It starts with photographs. They're set in a storybook West -- mostly in the back country of Colorado and Wyoming, but Mount Rushmore pops up as well. They're populated by little girls in pigtails whose noses are scrunched either because of the sun hitting their eyes, or their little brothers poking them. The trophies are sparkling fish. The men sport un-ironic lumberjack beards. There's even a tipi. The photos have that combination of saturated color with a washed-out background that comes from real film; some of them even have the cream-colored, quilted edge of a Polaroid. This is the stuff Instagram aspires to be.
Those are family photos posted to MenandWomenofIndustry.com, the blog that friends Jedd Rose, Erik Gore and Mark Hansen created in 2004 as a catch-all for their love of $200 convertible shorts-to-pants, $300 winter coats made from recyclable materials and $13,000 pop-up camping trailers. "We have early memories of camping as kids and our parents' gear," co-founder Hansen says. "We were really nostalgic for that really simple gear."

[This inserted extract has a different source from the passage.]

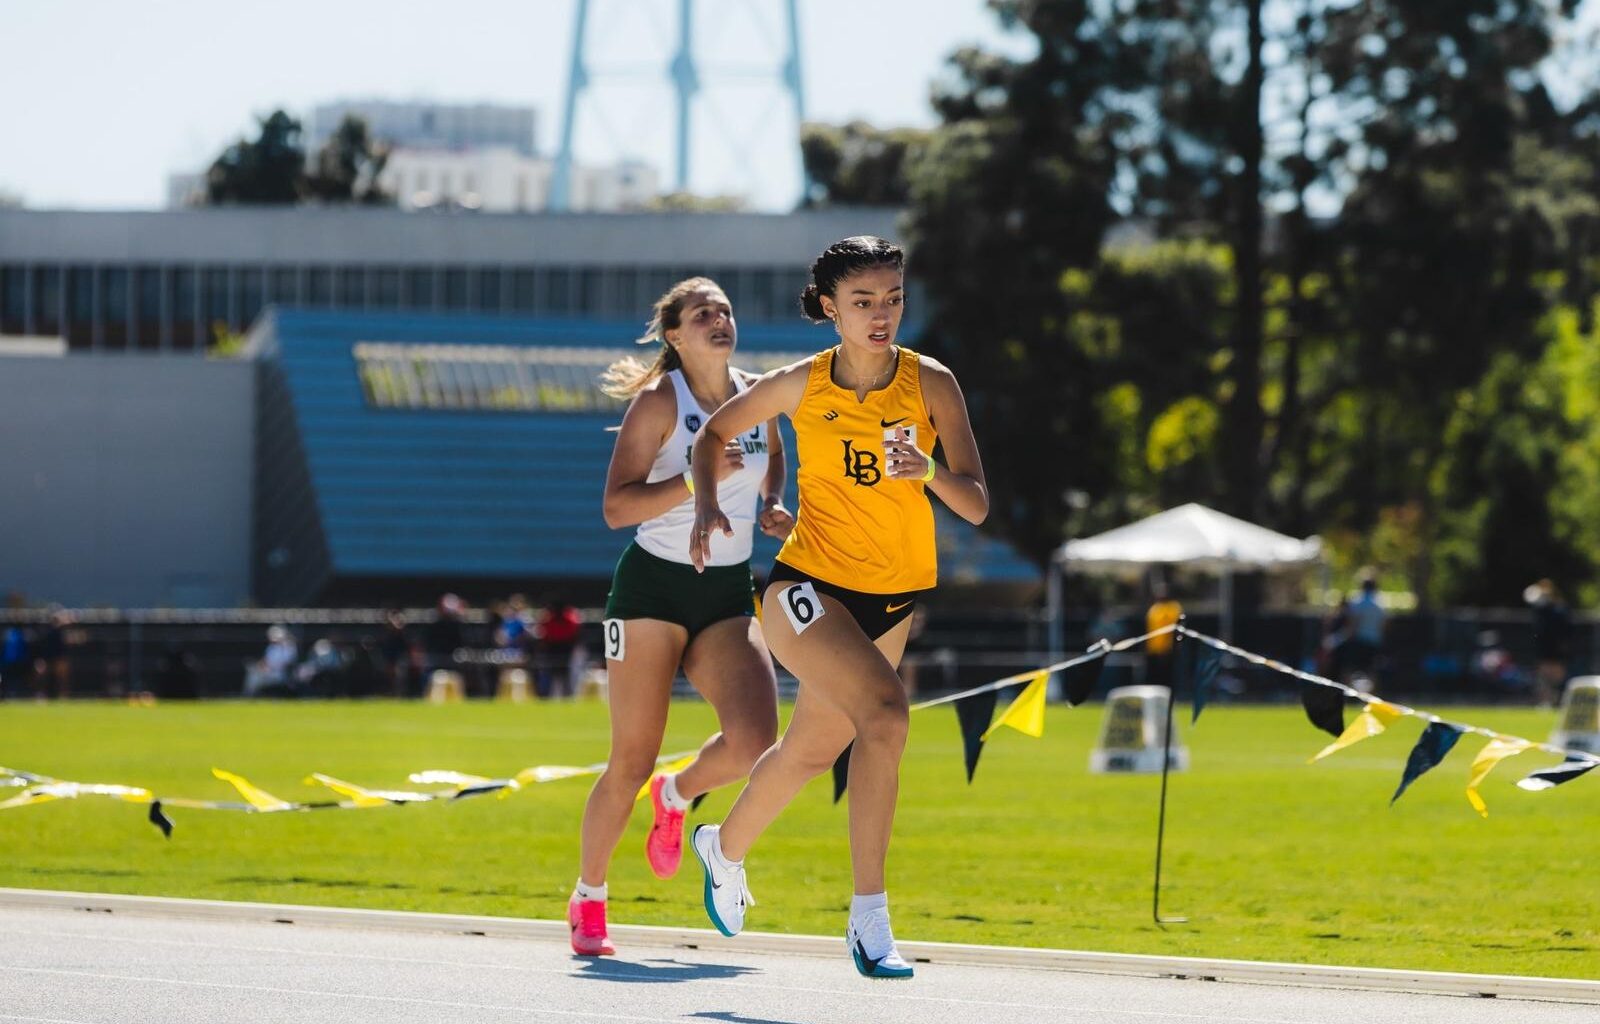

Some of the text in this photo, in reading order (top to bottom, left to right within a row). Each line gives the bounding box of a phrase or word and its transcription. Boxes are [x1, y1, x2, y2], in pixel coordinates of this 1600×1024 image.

[841, 439, 881, 486] LB
[787, 584, 814, 624] 6
[608, 620, 620, 657] 9

And so in 2008, the friends created Topo Designs, a Louisville-based outdoor brand that makes bags that don't have iPhone holders on the side or slits up top for a Camelbak Reservoir.
While they were initially going for simplicity and not necessarily a retro look, what they ended up with were six bags that look a lot like what their parents would have grabbed for a weekend in the woods. There are leather lash tabs, matte cloth exteriors and simple zippers. Most of them are available in black, olive, gray, khaki or camo.
Not that they're entirely lacking in technology. The backpacks, priced from $29 to $139, are fully lined and water-resistant, and the lining is brightly colored so it's easy to find things -- even without those fifteen or so dedicated side pockets. And the Louisville facility where six full-time workers create the bags is an LEED-certified building.
Hansen describes himself as someone who loves the wilderness but also works in the city on weekdays. And first and foremost, the designs have to work for the partners. "Sometimes you want a bag you can use in town and on a day hike," Hansen says.
He compares Topo's bags to an Apple computer -- without all the bell and whistles, but with all the essentials and sleek to look at. People are living in smaller houses and realizing they don't need as much, he points out: "Why can't we have something that's simpler and look good and just work?"
And the industry has responded: The company has gotten mentions in the New York Times's T Magazine, Complex and Conde Nast's Concierge.com. Topo Design's bags are sold at I Heart Denver and will be in Fancy Tiger come early November.
"We like to think of it as realistic outdoors," Hansen says.